• [What you will do] The records underneath are to be repeated exactly, with the pictures left out.

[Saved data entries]
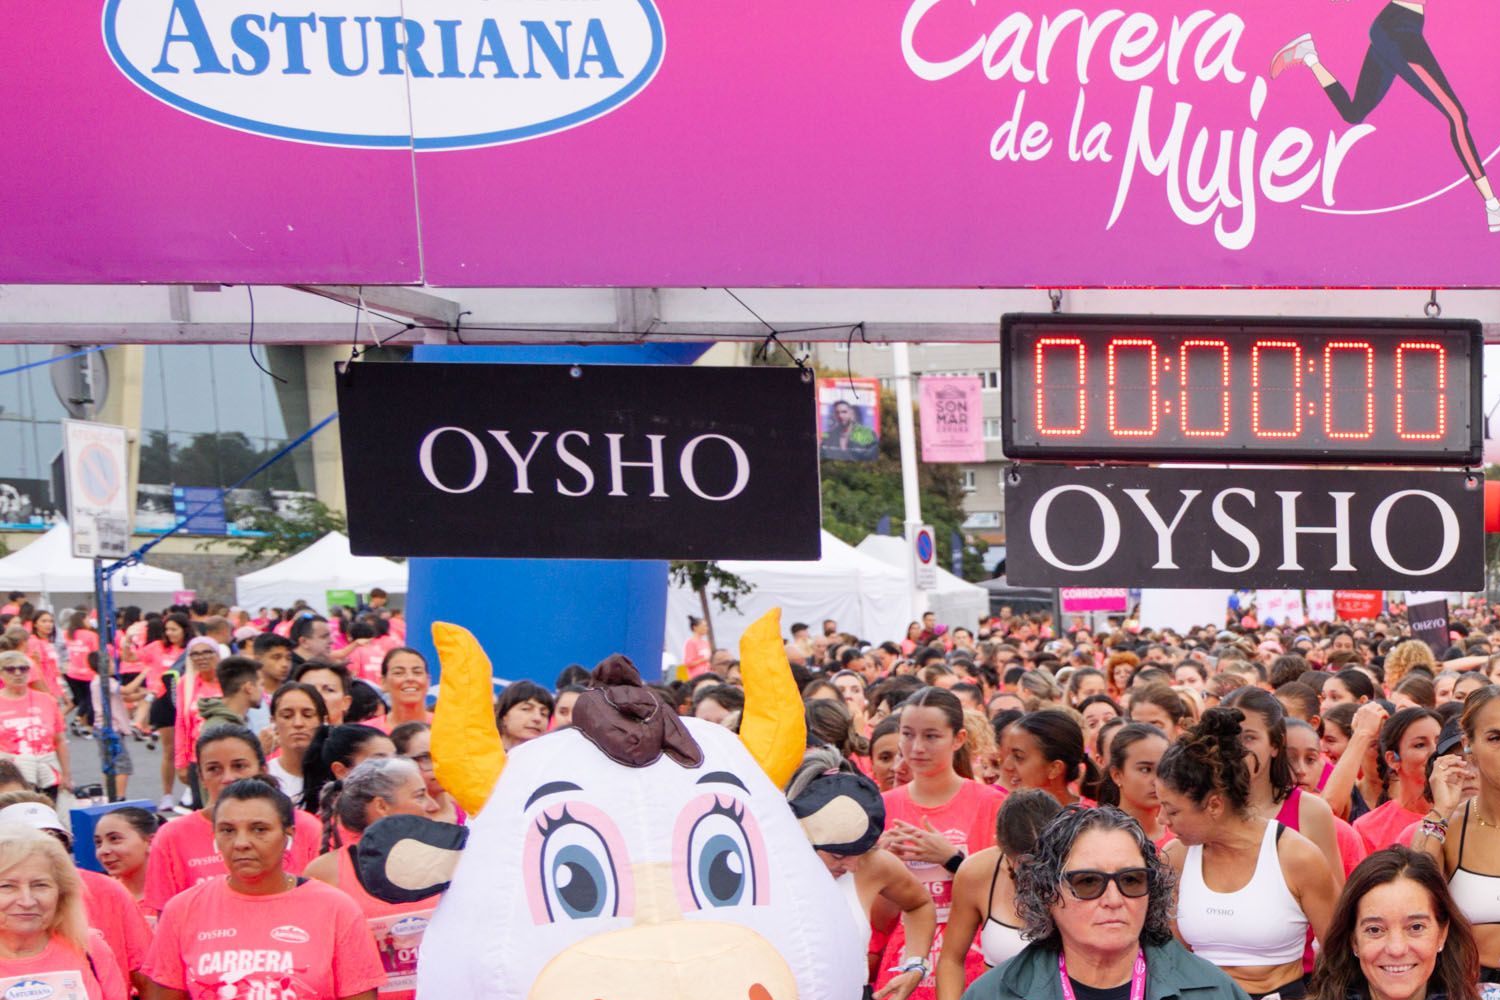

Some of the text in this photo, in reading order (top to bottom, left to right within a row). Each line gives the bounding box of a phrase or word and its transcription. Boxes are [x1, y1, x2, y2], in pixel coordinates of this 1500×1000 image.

[152, 0, 624, 79] ASTURIANA
[901, 0, 1246, 84] Carrera
[990, 75, 1377, 250] de la Mujer
[935, 400, 967, 412] SON
[936, 413, 968, 424] MAR
[419, 426, 750, 500] OYSHO
[1029, 484, 1460, 576] OYSHO

• [Result of the task]
Some of the text in this photo, in reading order (top to bottom, left to right within a row). Each line gives the bounding box of a phrase or word and its transcription. Boxes are [x1, y1, x2, y2], in pixel coordinates of this 1500×1000 image.

[152, 0, 624, 79] ASTURIANA
[901, 0, 1246, 84] Carrera
[990, 75, 1377, 250] de la Mujer
[935, 400, 967, 412] SON
[936, 413, 968, 424] MAR
[419, 426, 750, 500] OYSHO
[1029, 484, 1460, 576] OYSHO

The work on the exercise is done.